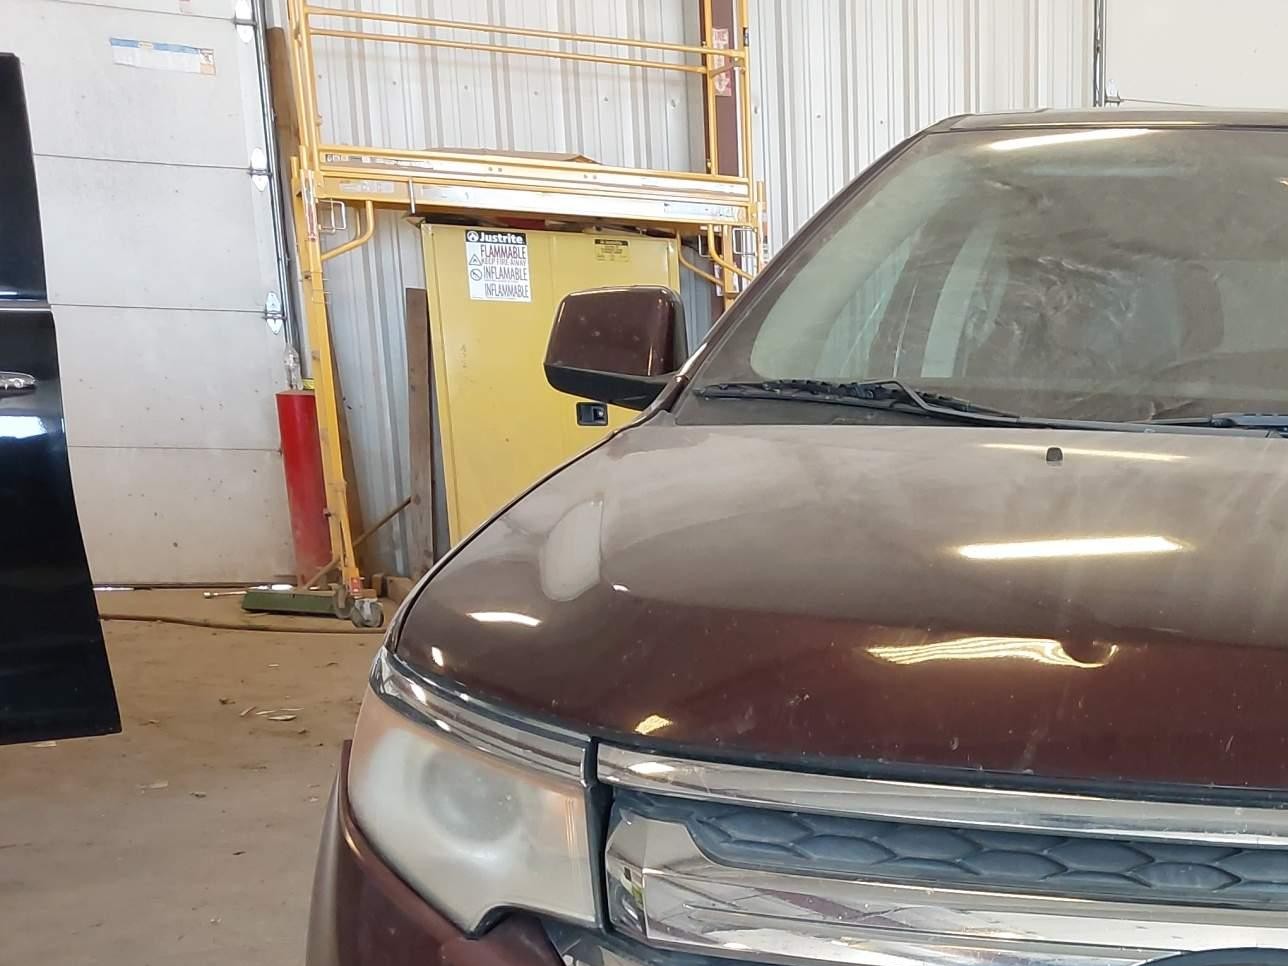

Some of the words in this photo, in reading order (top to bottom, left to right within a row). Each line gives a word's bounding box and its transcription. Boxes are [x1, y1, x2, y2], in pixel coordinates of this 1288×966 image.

[480, 231, 524, 244] Justrite
[480, 244, 527, 260] FLAMMABLE
[483, 265, 528, 281] INFLAMABLE
[484, 282, 529, 298] INFLAMMABLE
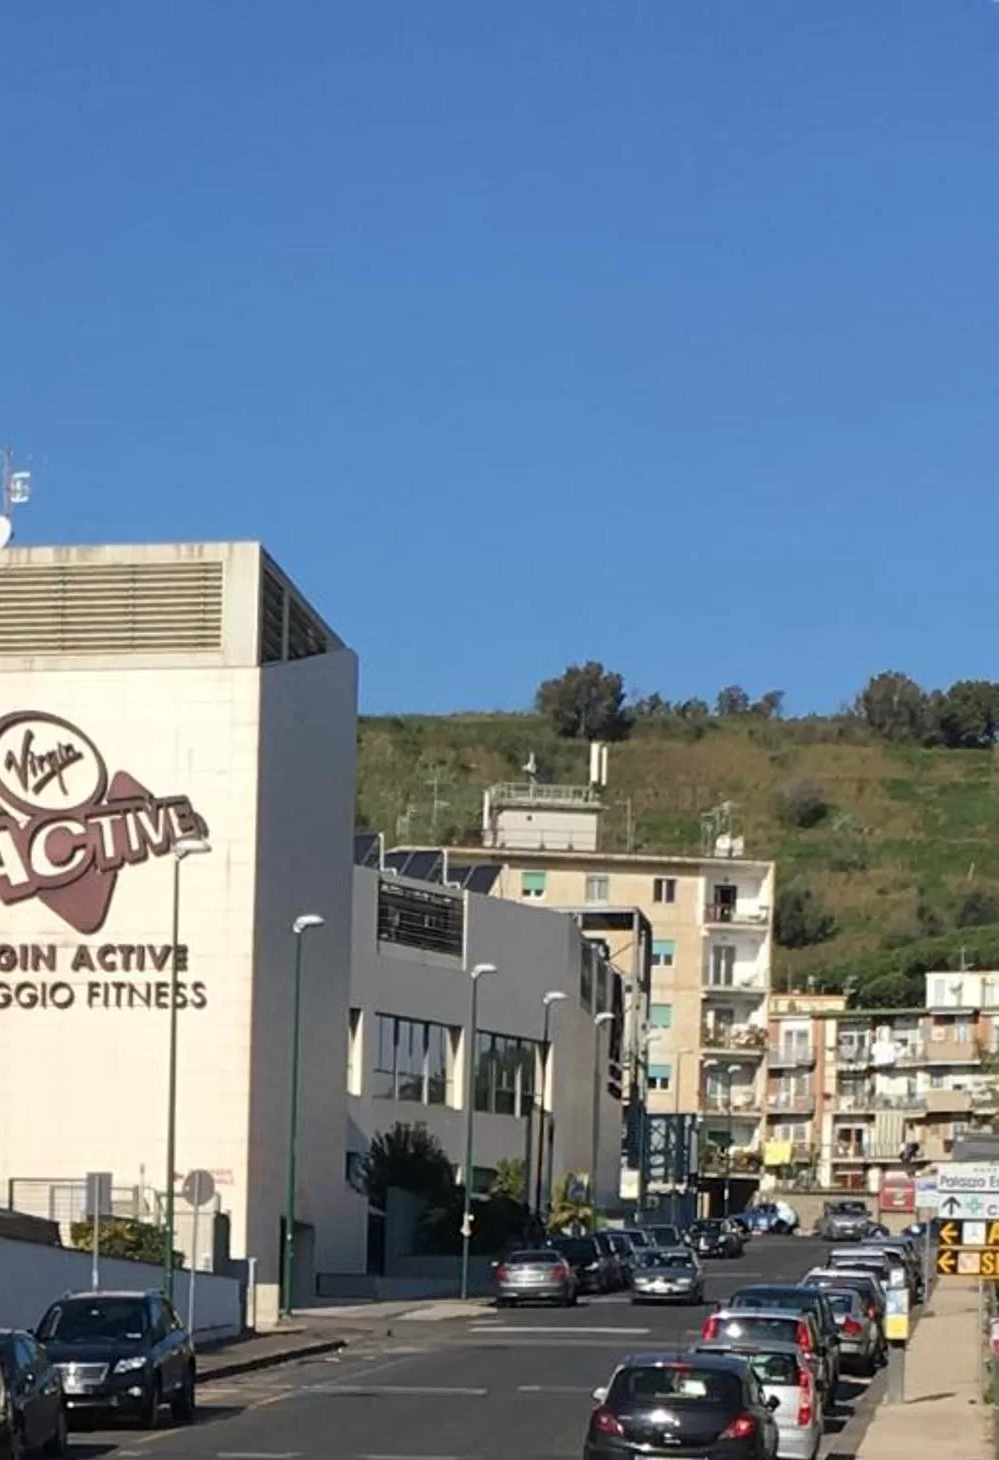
########
__DIRECTIONS FOR THIS TASK__.
Leaving each image aside, repeat the listing above exactly.

__ANSWER FOR THIS EXERCISE__.
Some of the words in this photo, in reading order (top to bottom, left to right within a row). Each line gives a word's bounding box and its transcription. Boxes are [x1, y1, x2, y2], in pixel coordinates of this 1288×966 image.

[480, 231, 524, 244] Justrite
[480, 244, 527, 260] FLAMMABLE
[483, 265, 528, 281] INFLAMABLE
[484, 282, 529, 298] INFLAMMABLE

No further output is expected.